Jurassic Browser History


Memocord, Juan Mendez



"Karl Marx once expressed the belief that the end of the capitalist era and the advent of communism would signal the end of human prehistory and the beginning of history proper. Filippo Tommaso Marinetti and the Futurists, for their part, wanted to destroy museums and libraries in order to usher in a progress contemptuous of tradition and all forms of previous knowledge. It’s hard to think of a way of thinking more alien to the present juncture: that of a long future so assuredly within our reach as to have little or no need for the past.

"Five or six generations after Marx’s declaration, we measure the future in decades, running down an array of doomsday clocks. We speculate that the planet might become largely uninhabitable within the present century. We set symbolic deadlines for action. But the ninety-nine months that Prince Charles said were left in 2010 to take decisive action on climate change are down to a mere thirty; in the meantime we’ve done nothing but burn ever greater quantities of carbon.

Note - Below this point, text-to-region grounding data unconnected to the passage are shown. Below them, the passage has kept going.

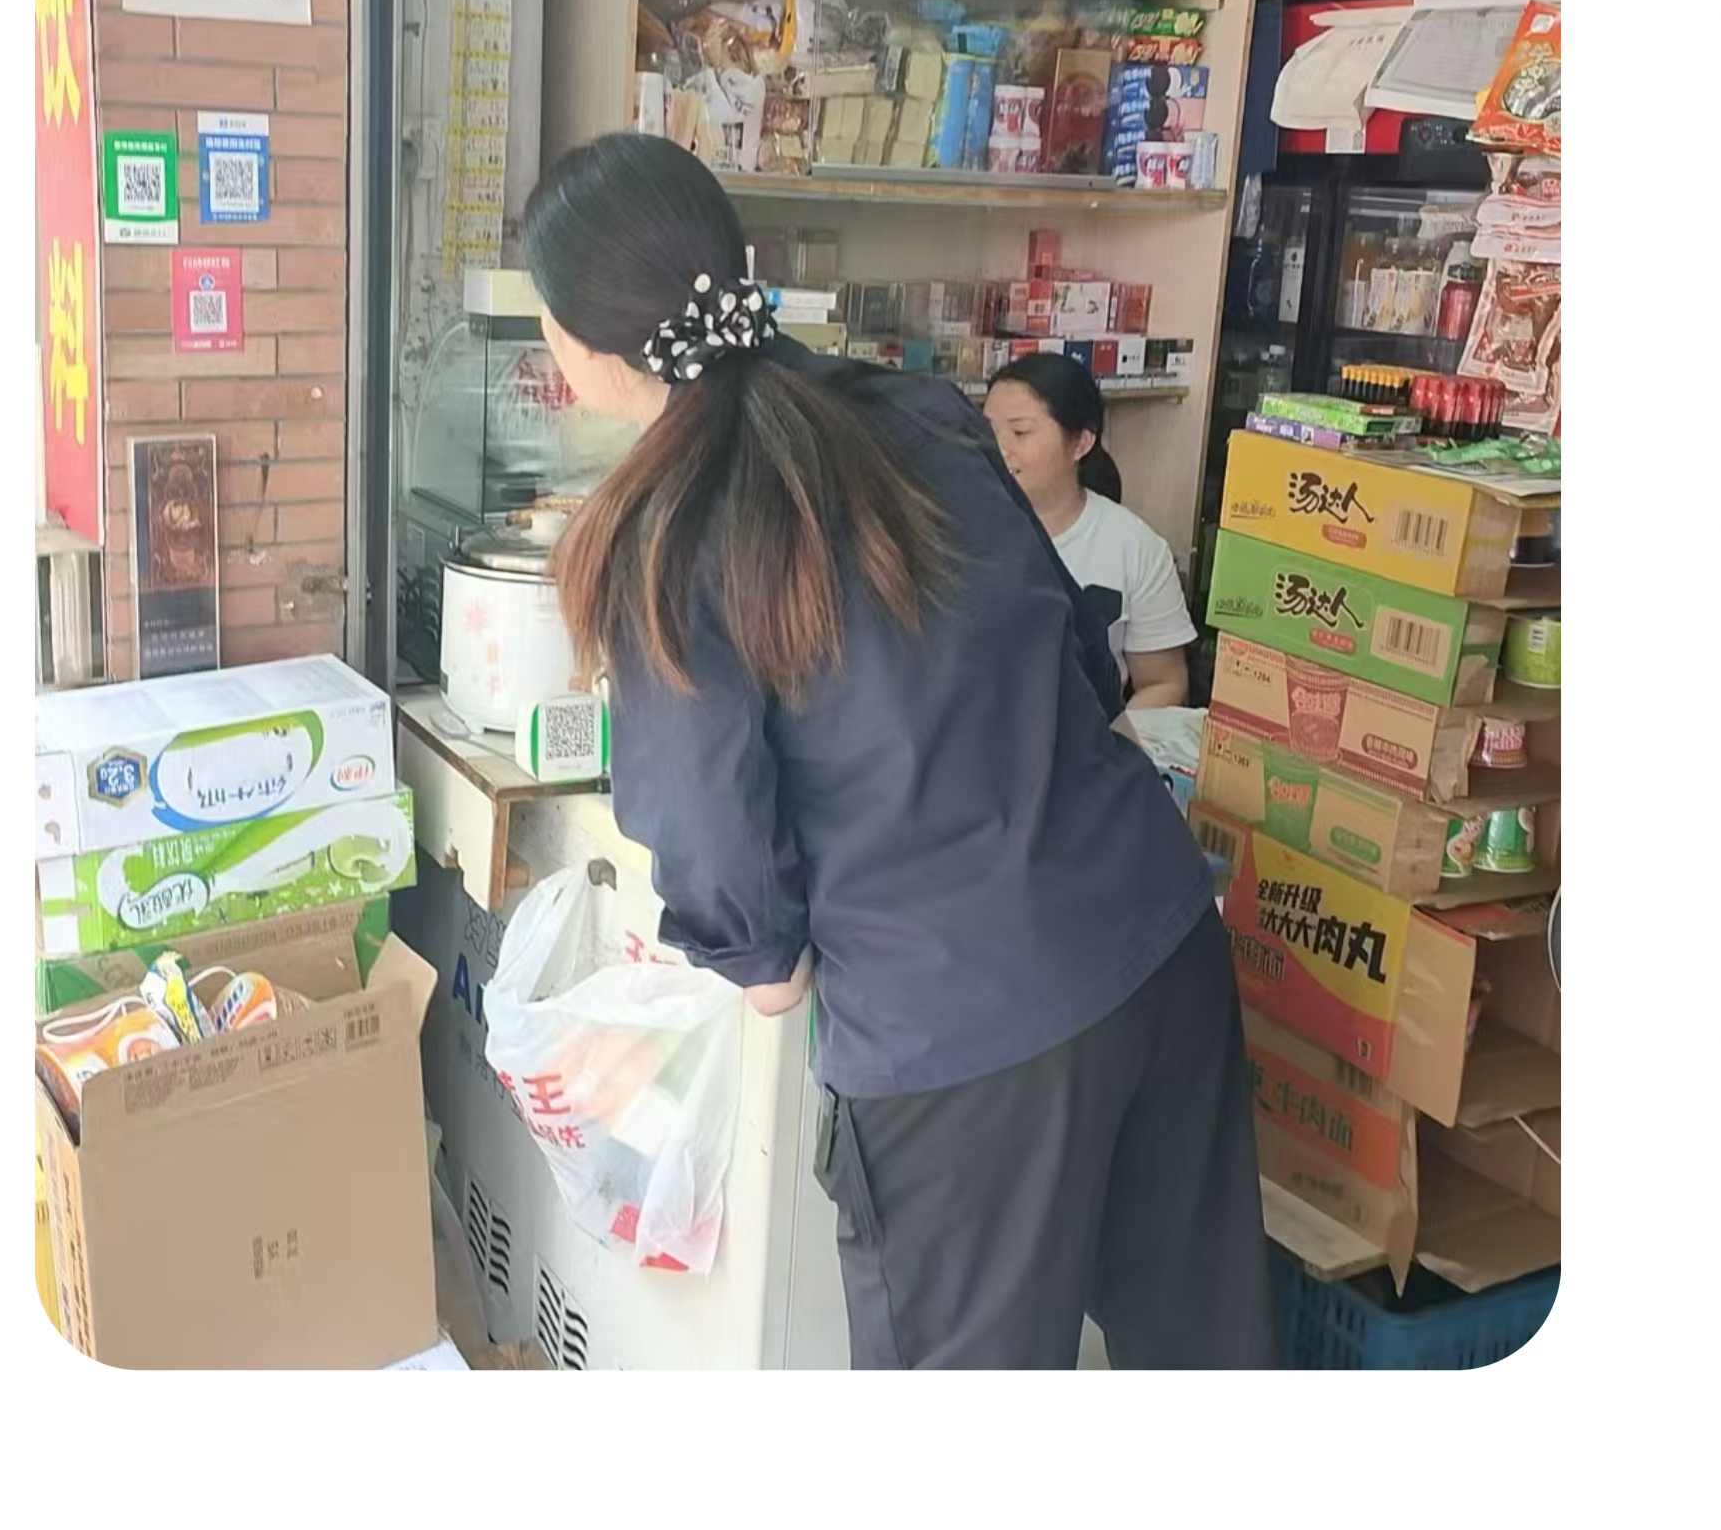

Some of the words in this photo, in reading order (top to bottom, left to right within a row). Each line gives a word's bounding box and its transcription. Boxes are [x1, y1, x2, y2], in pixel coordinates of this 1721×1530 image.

[1287, 472, 1375, 524] 汤达人
[1275, 573, 1365, 629] 汤达人
[1257, 878, 1323, 915] 全新升级
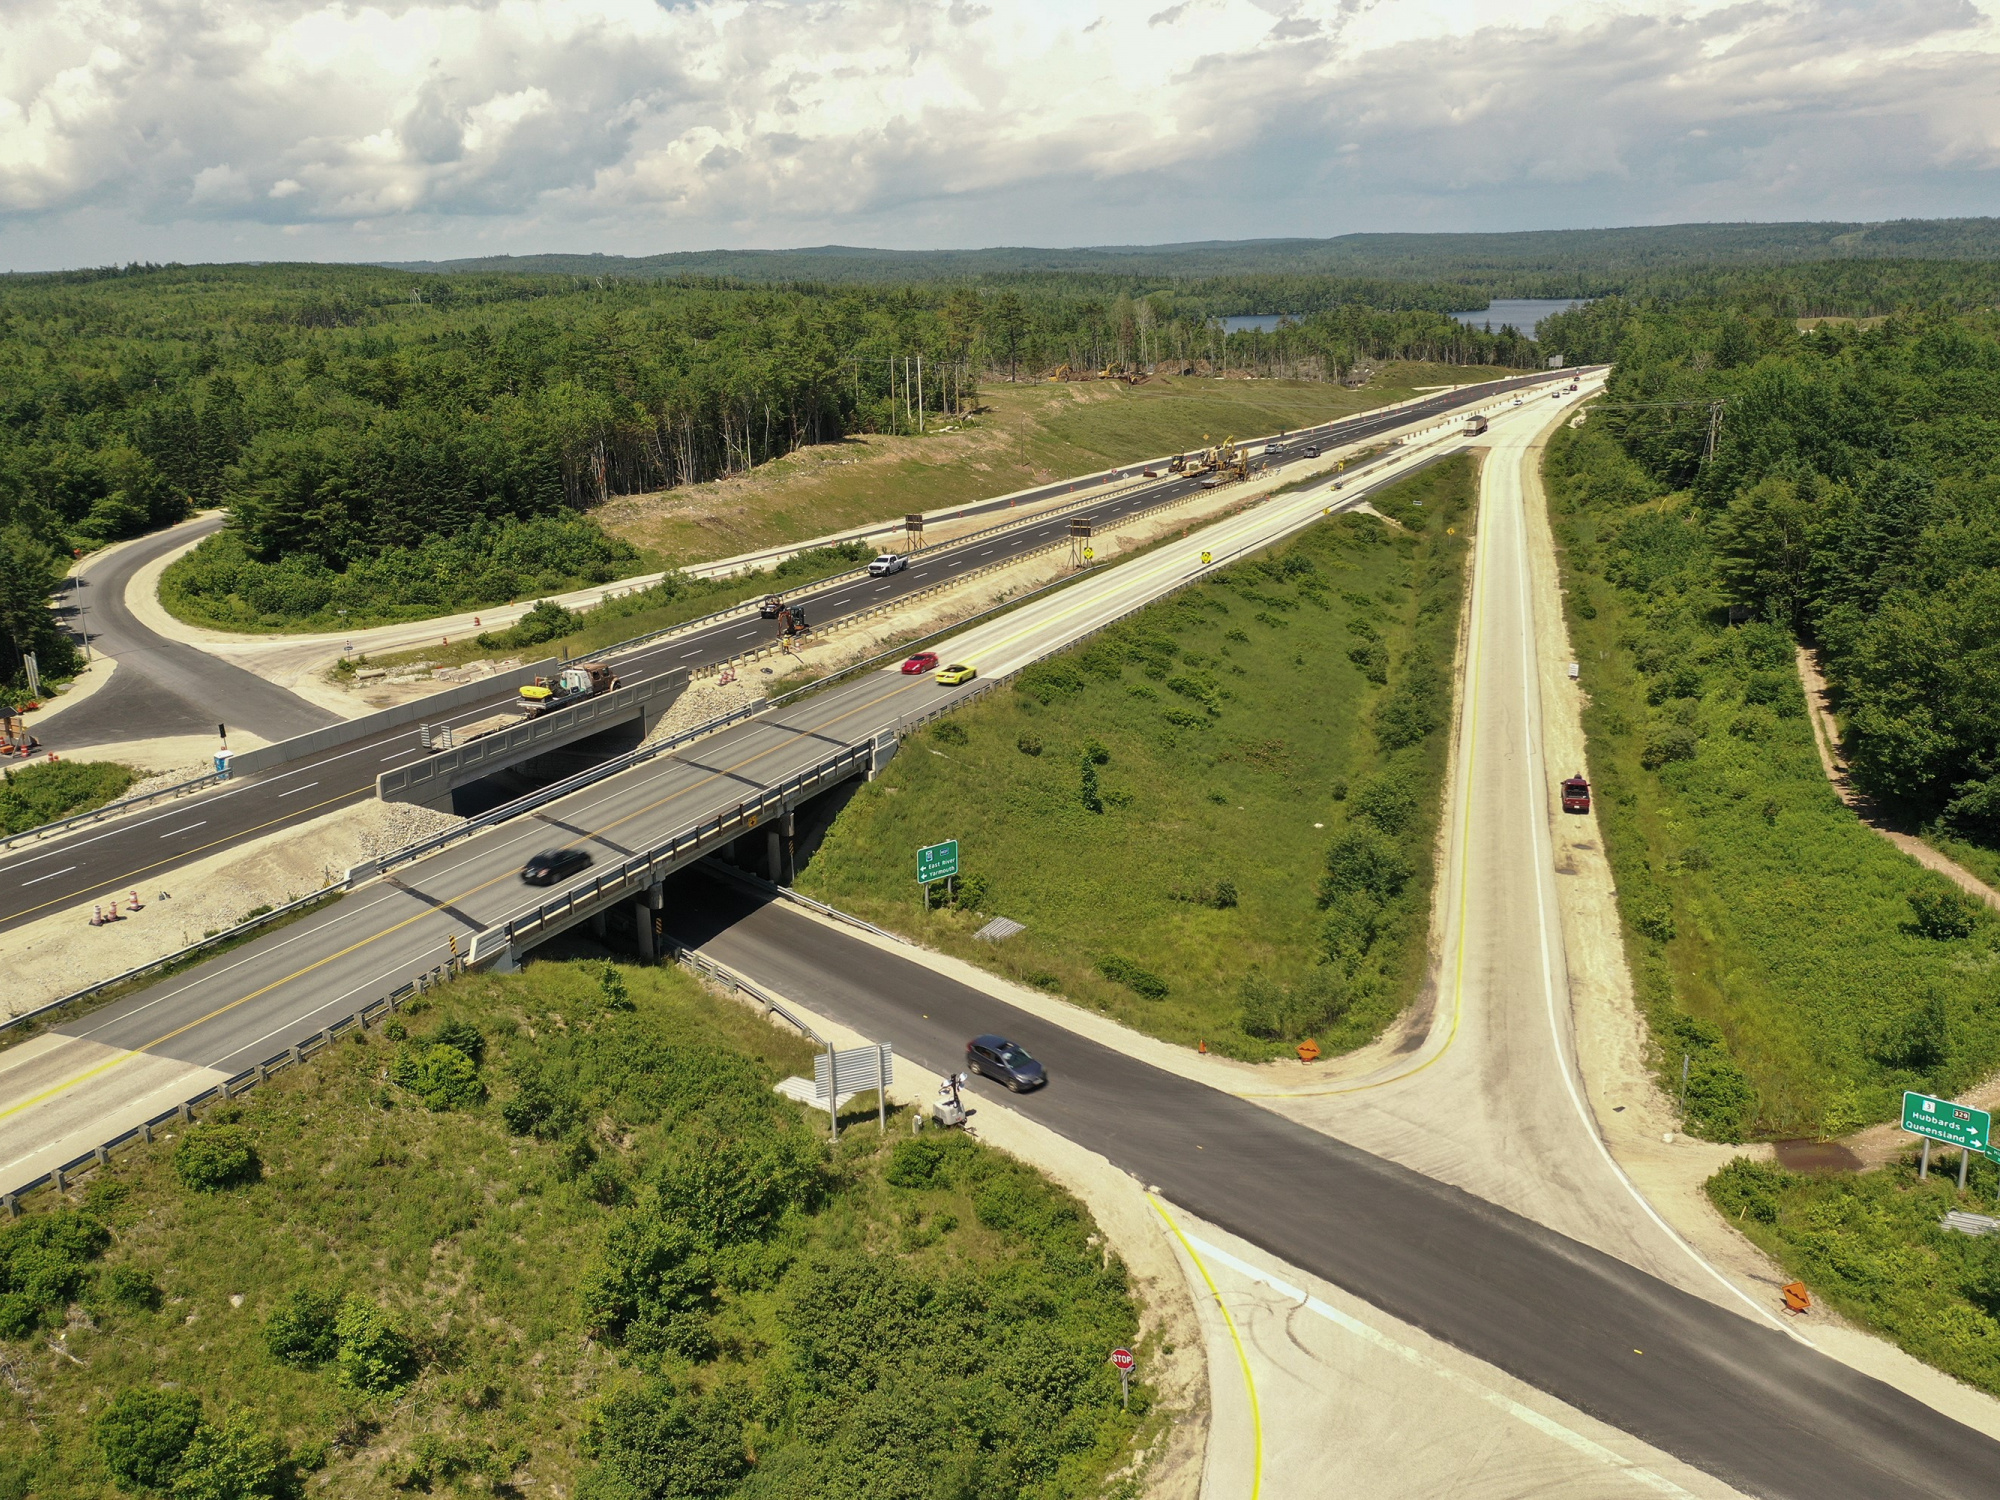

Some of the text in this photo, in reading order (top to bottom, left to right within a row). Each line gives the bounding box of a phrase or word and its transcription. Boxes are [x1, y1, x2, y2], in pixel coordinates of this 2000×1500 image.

[930, 866, 955, 876] Yarmouth
[1954, 1110, 1968, 1119] 329
[1912, 1111, 1961, 1131] Hubbards
[1905, 1120, 1965, 1143] Queensland
[1112, 1354, 1131, 1363] STOP

"This isn’t paranoia or an existential malaise: we have solid reasons for fearing that humanity may be headed towards catastrophe. Yet it’s a strange, incongruous spectacle, resembling a crude allegorical fable. We have never lived longer or enjoyed a greater capacity for technical progress. In fact, our single greatest achievement may just be that we can measure the exact speed at which the end is approaching, and with it the shortening of our collective future.

"If Marx was right, and if the catastrophe does come to pass, humanity will have ceased to exist before history has even begun. Yet there is arguably no task that we approach with as much urgency as documenting, cataloguing and storing that soon-to-be-meaningless past and the unfolding present"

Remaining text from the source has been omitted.